# [What to work on]
Repeat each entry word for word. Leave any images out of the copy.

# [Study material]
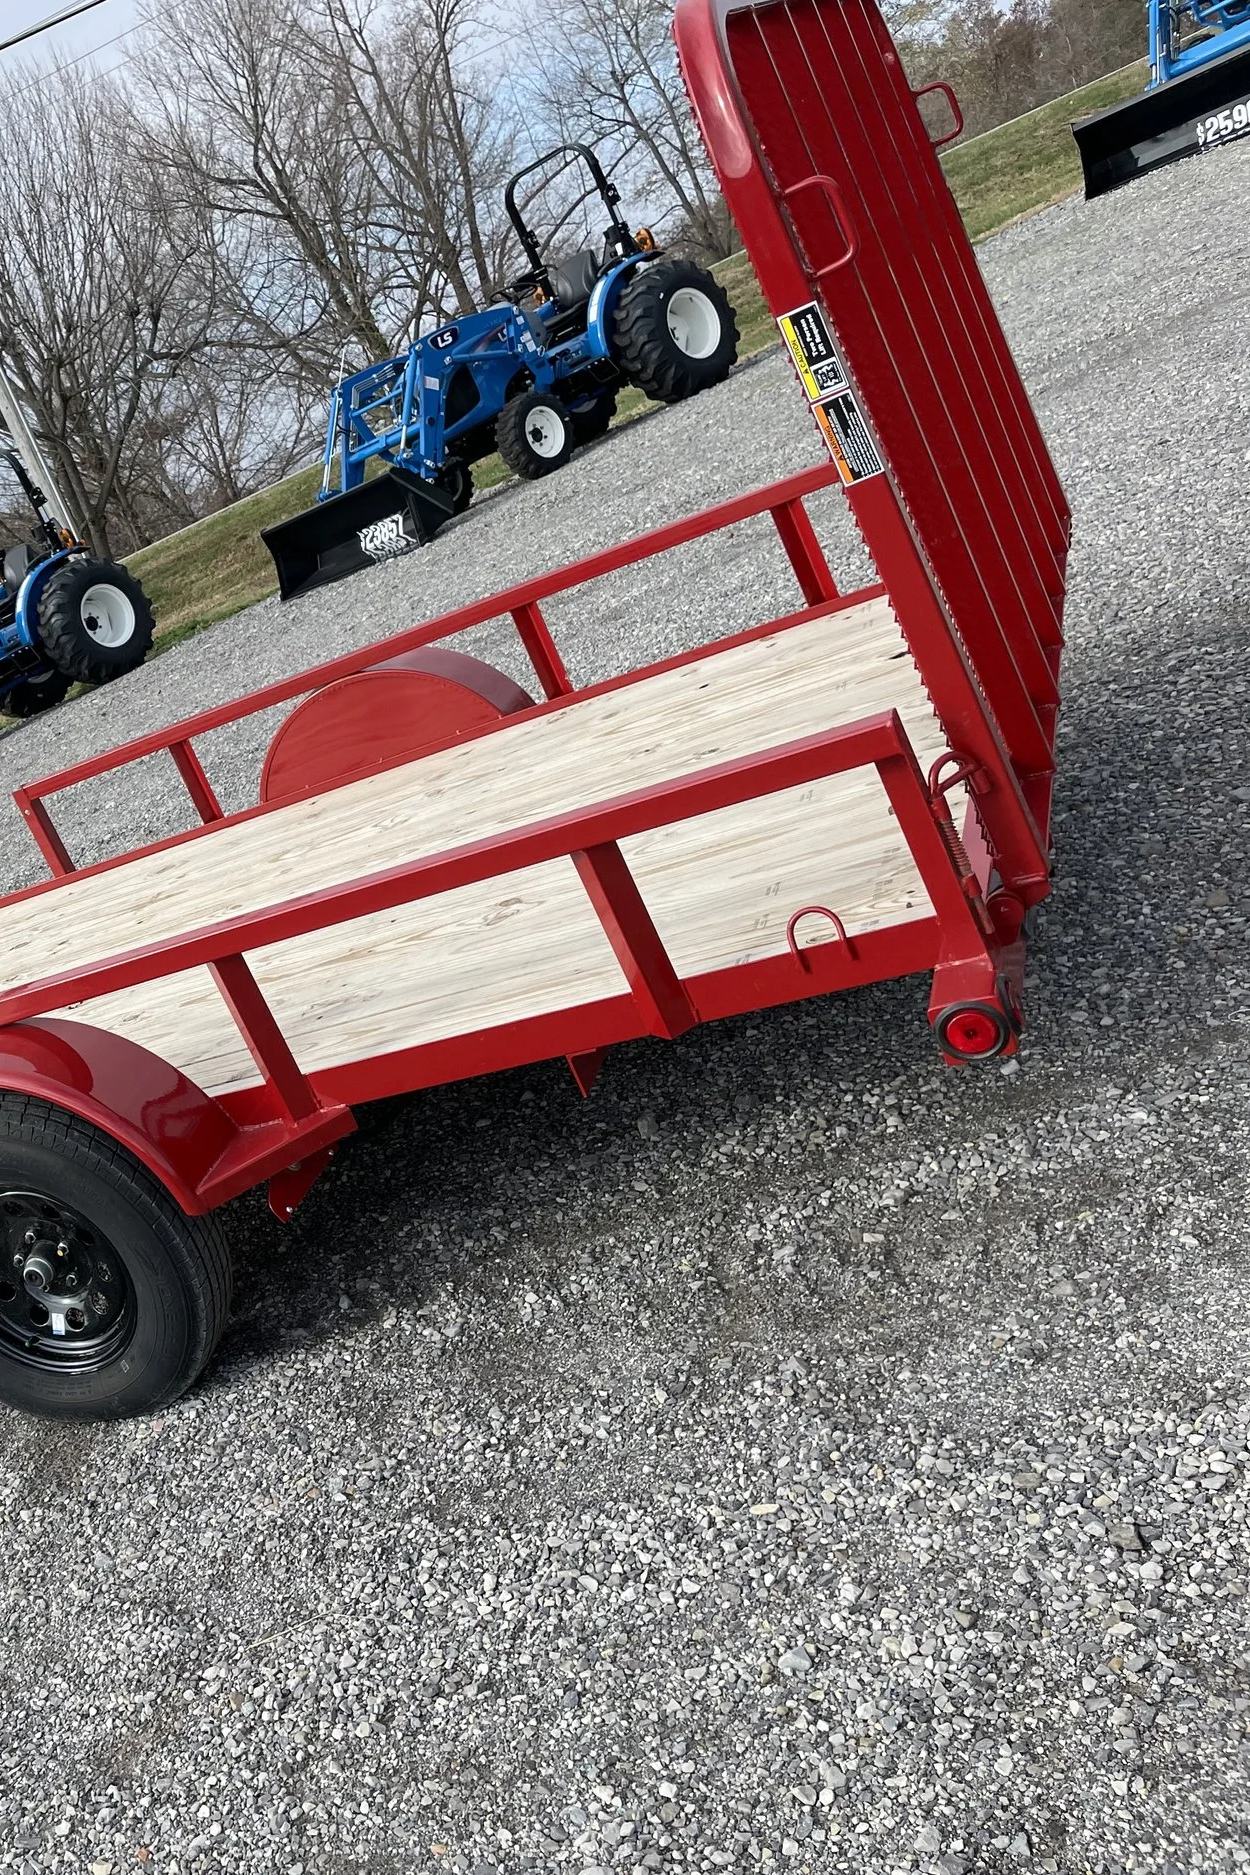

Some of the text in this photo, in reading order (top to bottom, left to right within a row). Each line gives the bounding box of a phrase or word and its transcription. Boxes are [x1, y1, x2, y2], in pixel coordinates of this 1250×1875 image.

[1196, 100, 1250, 146] $259
[437, 332, 453, 348] LS
[800, 318, 814, 343] Person
[805, 313, 821, 343] Required
[790, 338, 807, 369] CAUTION
[809, 341, 819, 357] Two
[816, 341, 826, 356] Lift
[824, 425, 840, 456] WARNING
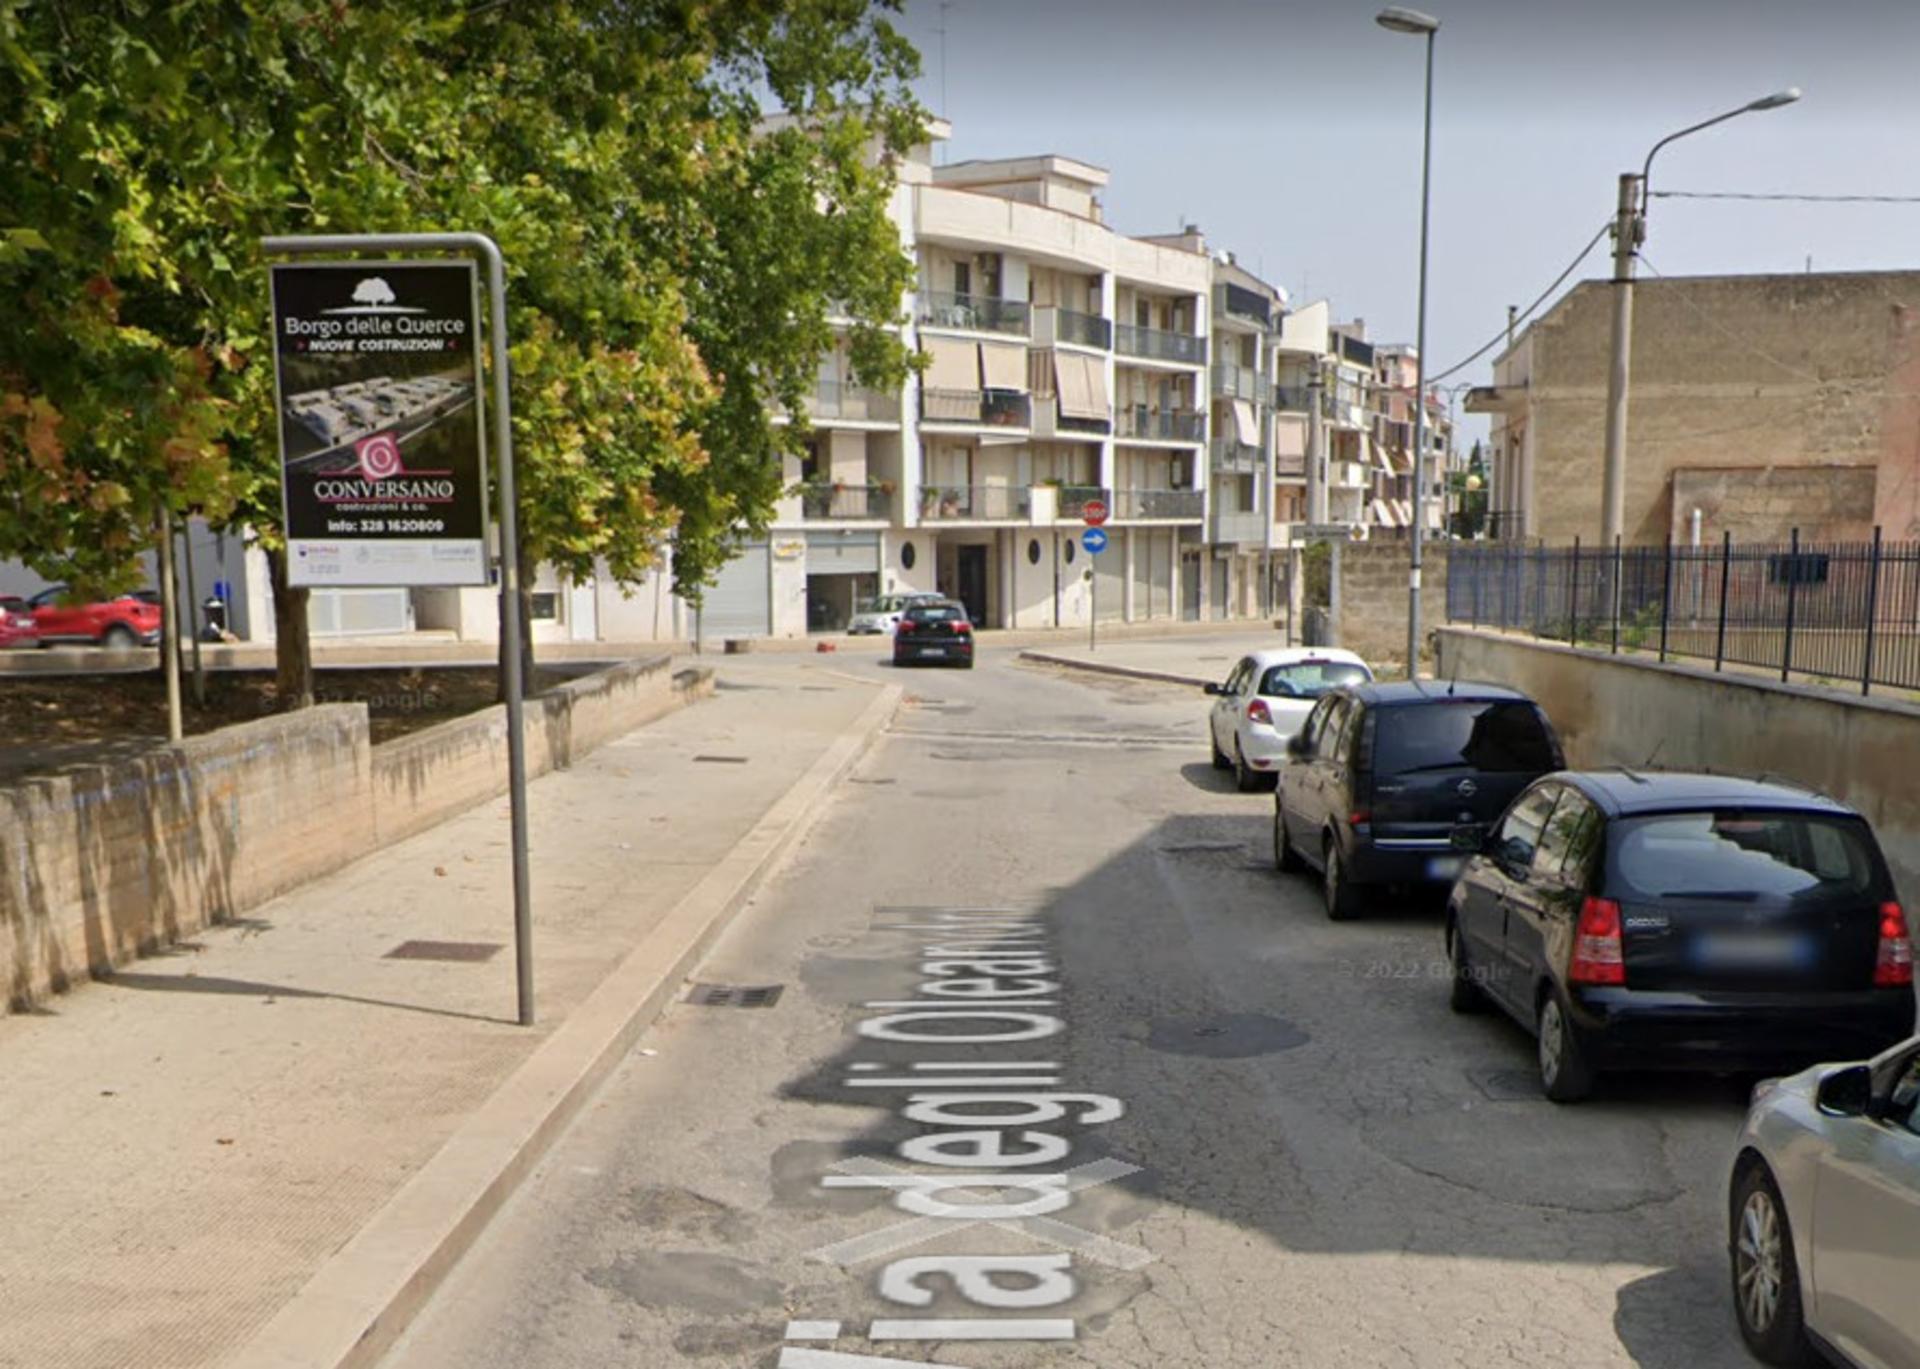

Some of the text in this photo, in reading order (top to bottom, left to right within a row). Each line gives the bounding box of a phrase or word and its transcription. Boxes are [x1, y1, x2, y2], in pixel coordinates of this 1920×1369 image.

[285, 316, 465, 338] Borgo delle Querce
[308, 339, 444, 351] NUOVE COSTRUZIONI
[313, 481, 454, 499] CONVERSANO
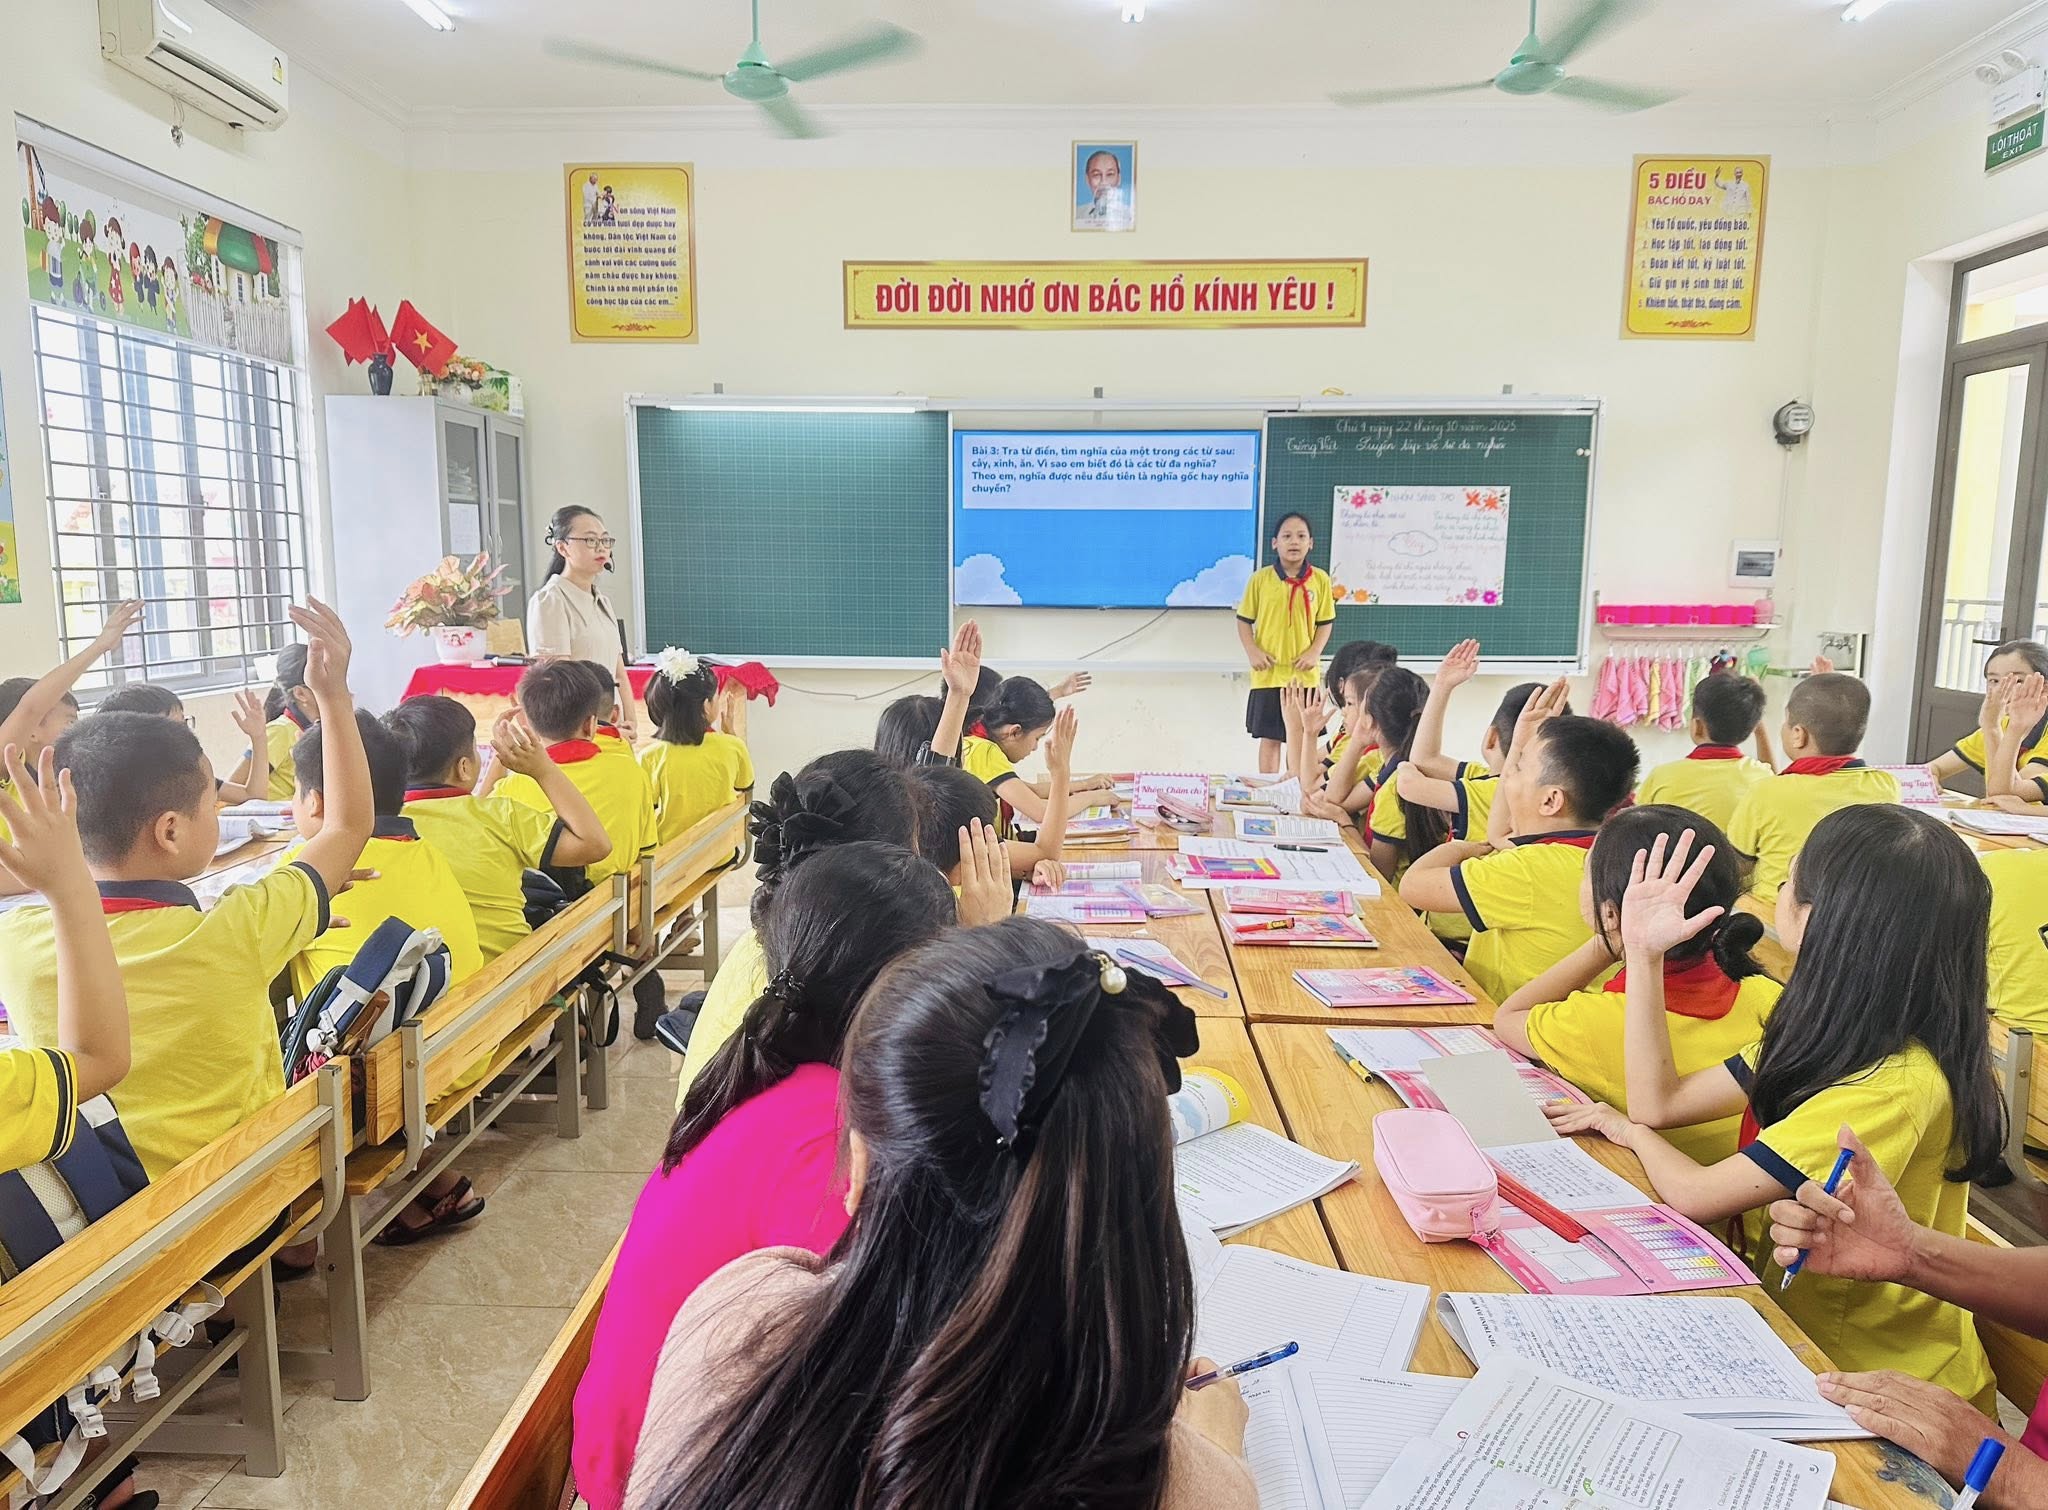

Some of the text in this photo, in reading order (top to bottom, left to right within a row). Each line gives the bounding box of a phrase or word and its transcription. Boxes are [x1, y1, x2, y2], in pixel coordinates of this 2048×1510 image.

# [Written response]
Some of the text in this photo, in reading order (top to bottom, left to right within a row). Each line gives the bounding box of a phrase or word and its transcription. Boxes are [x1, y1, x2, y2], in pixel coordinates of this 1250×1875 image.

[1196, 100, 1250, 146] $259
[437, 332, 453, 348] LS
[800, 318, 814, 343] Person
[805, 313, 821, 343] Required
[790, 338, 807, 369] CAUTION
[809, 341, 819, 357] Two
[816, 341, 826, 356] Lift
[824, 425, 840, 456] WARNING

Some of the text in this photo, in reading order (top to bottom, left to right within a row). Each line gives the bounding box of a phrase or word and its transcription. Boxes are [x1, y1, x2, y2], in pixel coordinates of this 1920×1369 image.

[285, 316, 465, 338] Borgo delle Querce
[308, 339, 444, 351] NUOVE COSTRUZIONI
[313, 481, 454, 499] CONVERSANO

Some of the text in this photo, in reading order (top to bottom, left to right within a row). Each line gives the bounding box of a phrase or word and its transcription. Boxes are [x1, y1, x2, y2], in pixel coordinates of this 2048×1510 image.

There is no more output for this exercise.